Table 14 presents the aspects of the proposed technique and existing models to further demonstrate the recommended approach’s superiority in modeling fuzzy information.

This study develops a novel DM methodology for selecting green technology, addressing the problem of choosing the most suitable green technology for environmental sustainability. For this purpose, linguistic T-spherical fuzzy CRITIC integrated EDAS methodologies are proposed. The CRITIC method enables objectively determining the weights of criteria, and the EDAS model ranks the alternatives by considering the experts’ assessments with respect to the criteria. Before all else, some fundamental concepts related to this research have been reviewed. Considering the importance of LT-SFSs that allow for independent modeling of experts’ hesitancy, the HAOs under the LT-SF environment are introduced for information fusion during the decision process. Some prominent properties of these newly established operators are also discussed. Then, the LT-SF-CRITIC-EDAS model is designed to tackle the complex MCGDM problems in the context of LT-SFSs. Furthermore, to show the viability and acceptability of the planned strategy, we have provided a real-world example of the selection of green technology for environmental sustainability. In the end, sensitivity and comparison analyses are also discussed to show the reliability of alternatives found using the planned strategy. The assessment outcomes effectively showcased the excellence and credibility of our developed method compared to existing approaches.

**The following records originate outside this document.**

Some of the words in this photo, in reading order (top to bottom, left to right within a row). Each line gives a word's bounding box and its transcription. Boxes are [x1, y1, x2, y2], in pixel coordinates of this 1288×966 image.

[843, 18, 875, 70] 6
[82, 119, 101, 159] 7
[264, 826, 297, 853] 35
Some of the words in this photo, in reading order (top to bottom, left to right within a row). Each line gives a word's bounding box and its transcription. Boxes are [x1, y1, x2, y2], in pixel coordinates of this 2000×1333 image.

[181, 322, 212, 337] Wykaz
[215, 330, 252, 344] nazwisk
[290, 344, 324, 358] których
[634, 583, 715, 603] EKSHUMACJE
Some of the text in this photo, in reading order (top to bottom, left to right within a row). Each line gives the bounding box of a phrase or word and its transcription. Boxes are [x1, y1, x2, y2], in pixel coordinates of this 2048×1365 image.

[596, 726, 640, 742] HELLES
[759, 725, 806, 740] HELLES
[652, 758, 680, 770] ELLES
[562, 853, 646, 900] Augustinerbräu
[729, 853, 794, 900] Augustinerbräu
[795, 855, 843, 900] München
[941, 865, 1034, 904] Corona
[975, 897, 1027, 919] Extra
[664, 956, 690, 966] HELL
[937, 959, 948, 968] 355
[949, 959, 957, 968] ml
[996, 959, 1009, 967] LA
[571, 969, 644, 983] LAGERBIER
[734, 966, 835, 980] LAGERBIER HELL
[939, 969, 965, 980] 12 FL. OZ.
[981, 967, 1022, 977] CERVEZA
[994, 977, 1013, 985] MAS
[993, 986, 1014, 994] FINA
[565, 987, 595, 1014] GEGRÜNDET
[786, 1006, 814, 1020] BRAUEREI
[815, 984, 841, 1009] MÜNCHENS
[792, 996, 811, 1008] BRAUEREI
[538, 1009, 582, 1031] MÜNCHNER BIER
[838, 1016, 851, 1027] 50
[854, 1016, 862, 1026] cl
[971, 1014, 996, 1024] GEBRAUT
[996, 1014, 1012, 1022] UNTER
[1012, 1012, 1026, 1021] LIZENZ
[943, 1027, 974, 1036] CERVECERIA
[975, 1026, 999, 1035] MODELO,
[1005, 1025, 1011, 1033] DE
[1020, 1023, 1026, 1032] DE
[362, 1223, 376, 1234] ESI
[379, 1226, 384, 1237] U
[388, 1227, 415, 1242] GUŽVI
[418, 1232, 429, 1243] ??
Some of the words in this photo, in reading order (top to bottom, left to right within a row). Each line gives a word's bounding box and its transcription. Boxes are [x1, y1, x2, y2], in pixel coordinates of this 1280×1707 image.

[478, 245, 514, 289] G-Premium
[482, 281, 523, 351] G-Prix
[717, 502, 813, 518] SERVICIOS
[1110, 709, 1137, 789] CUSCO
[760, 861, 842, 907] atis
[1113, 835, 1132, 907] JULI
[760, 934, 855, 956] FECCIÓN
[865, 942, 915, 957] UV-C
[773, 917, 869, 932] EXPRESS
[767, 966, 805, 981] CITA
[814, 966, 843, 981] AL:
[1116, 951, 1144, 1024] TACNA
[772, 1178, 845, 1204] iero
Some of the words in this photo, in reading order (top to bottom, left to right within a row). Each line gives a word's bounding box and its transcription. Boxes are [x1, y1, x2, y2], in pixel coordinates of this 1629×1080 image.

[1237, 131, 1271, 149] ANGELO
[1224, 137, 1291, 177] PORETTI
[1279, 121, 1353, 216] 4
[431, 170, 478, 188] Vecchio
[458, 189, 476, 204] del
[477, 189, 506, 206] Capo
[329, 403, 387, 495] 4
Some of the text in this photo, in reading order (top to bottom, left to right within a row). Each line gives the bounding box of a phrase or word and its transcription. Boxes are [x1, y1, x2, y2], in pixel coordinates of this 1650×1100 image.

However, as expected, the present research model also has its limitations, such as (i) This study did not take into account a method to determine expert weights that may be employed to enhance the suggested approach; (ii) In contemporary information-driven societies, the concept of large-scale group decision making (LSGDM) has garnered considerable attention among academics. LSGDM involves decision making processes that engage a substantial number of participants and entail the evaluation of diverse viewpoints, preferences, and criteria. This complexity inherently increases the challenge of arriving at a final decision; and (iii) The choice of technology and its implementation can vary significantly depending on the area’s specific needs, existing infrastructure, environmental conditions, and local priorities. For example, the selection of solar photovoltaic power will be different for sunny and cloudy regions. Some of these shortcomings of the suggested study will be addressed as part of future research directions. Further, different types of AOs can be proposed in future research. Additionally, these proposed operators may be utilized with a larger number of criteria. On the other hand, we may implement the established technique into different real-world problems such as waste management⁶², defense industry⁶³, healthcare management⁶⁴, and humanitarian and disaster management⁶⁵.